趙烺道:「父王,代王所倚仗,是嫡出的身份,趙王所倚仗,是北疆的強兵。但他二人有宿怨,倘若使他二人互相動了刀兵,使代王失了大義,使趙王被牽制,父王覺得如何?」
襄王眯起眼睛:「你有何計?」
趙烺揖手躬身:「使人假扮北疆兵士,行刺代王,令二王相鬥,我們坐收漁翁之利。」
襄王原抱著很大的期望,孰料聽了,臉上露出了失望的神色。
襄王的心腹幕僚嘆氣道:「四公子此計甚好,只想實行太難。咱們的人都是南方人,想扮北方人,特別是趙王的北疆兵士……倉促間,幾不可能。」
南方人體型、相貌本就與北方人有差異,比這差異更大的是口音。一個口音露出去,便露了餡。這等離間計,若不露出些「正確」的口音,不給對方留下線索,又實現不了離間的目標。

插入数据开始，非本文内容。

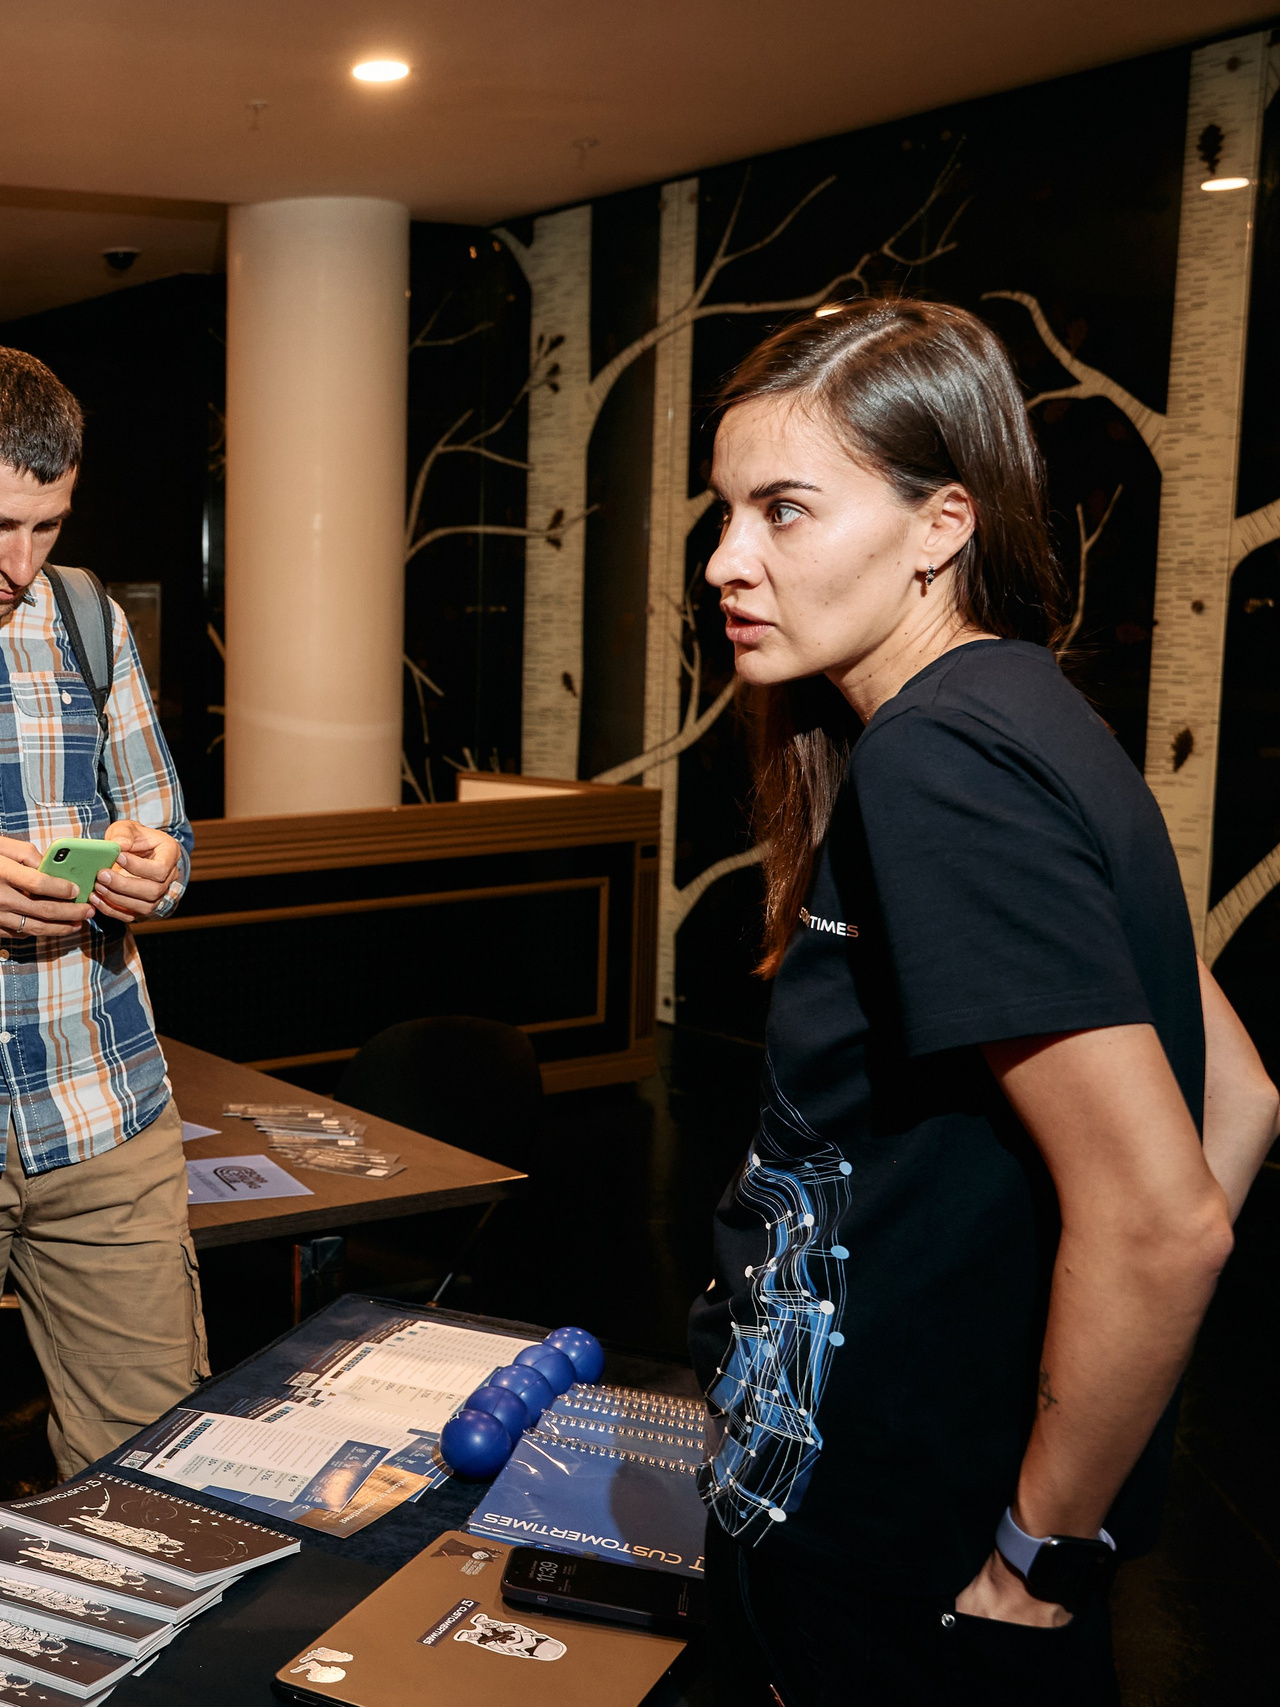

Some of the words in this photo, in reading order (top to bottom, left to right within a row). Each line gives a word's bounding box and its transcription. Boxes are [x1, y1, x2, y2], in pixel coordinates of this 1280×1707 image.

若給出時間,長久準備,也不是做不到。隻眼下如此迫在眉睫,就不太可行了。
這計策幕僚們不是沒想過,只不具有可實行性,稍一考慮,便放棄了。故而襄王聽趙烺獻的原來是這一計,便不免失望。
不料趙烺並不窘迫,微微一笑,喚了聲:「永平。」
便聽到有一個低沉的男子聲音應道:「在!」
眾人循聲望去,便看到一個著著王府武侍服色的年輕男子站了出來,單膝點地:「小人永平,參見王爺。」
這青年容貌英俊,也眼熟。他常跟在四郎趙烺身邊,襄王和幕僚雖不知道他名姓,也知道是趙烺心腹的人。

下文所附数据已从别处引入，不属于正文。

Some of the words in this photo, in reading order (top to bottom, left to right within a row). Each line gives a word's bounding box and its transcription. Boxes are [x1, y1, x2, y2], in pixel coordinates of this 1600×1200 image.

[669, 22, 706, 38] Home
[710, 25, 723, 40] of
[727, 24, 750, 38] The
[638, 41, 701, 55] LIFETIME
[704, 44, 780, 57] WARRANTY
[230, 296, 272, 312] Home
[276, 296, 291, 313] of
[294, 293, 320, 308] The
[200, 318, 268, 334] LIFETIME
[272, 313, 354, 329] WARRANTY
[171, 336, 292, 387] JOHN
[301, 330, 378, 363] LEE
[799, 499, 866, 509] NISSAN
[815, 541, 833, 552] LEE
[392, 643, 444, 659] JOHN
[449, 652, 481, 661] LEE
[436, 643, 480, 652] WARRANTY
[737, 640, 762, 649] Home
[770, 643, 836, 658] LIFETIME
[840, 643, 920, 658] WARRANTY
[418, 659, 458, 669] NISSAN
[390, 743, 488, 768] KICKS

只趙烺的癖好他們都知道,見這武侍生得英俊,眾人一直誤會他是趙烺的內寵。
只此時看他單膝點地,一手扶著腰後刀柄,一手五指張開撐著地。雖身體垂首前傾,那肩背腰身,卻給人一種有力之感。
毫無媚態,又不像是內寵之流。
「這是兒臣身邊的永平,他出身軍伍,是北方人,是……」趙烺扭頭道,「你跟父王說說,是哪來著?」
永平抬起頭,道:「小人籍貫山東,在陝西臨洮入行伍。小人不僅會山東話和陝西話,北方各地語言,小人都精通。」
他雖跪著,也看得出那腿長而有力,骨骼高大,的確是北方人的體格。
襄王看了他片刻,道:「你說兩句聽聽。」
永平道:「小人籍貫山東,在陝西臨洮入行伍。小人不僅會山東話和陝西話,北方各地語言,小人都精通。」
適才他用官話說,這一遍卻改了,每說一段,便換一種口音,一整段話說完,已經換五種北方方言的口音了。
襄王與幕僚們對視了幾眼。
永平又道:「這兩日小人與趙王的兵士說過話,北疆口音,已經全掌握了。」
這一句,全用北疆口音說的。
趙王雖出生在京城,去北疆待得久了,如今說起官話來都帶著這個味了。
趙烺適時地補充了一句:「永平,即是斬殺了馬迎春之人。」
此話一齣,襄王露出恍然大悟的神色:「原來是你麼。」
斬殺馬迎春乃是趙烺所立之大功。襄王當然知道不可能是趙烺親自拔刀子捅死了馬迎春,甚至連這件事本身也該是謀士獻策。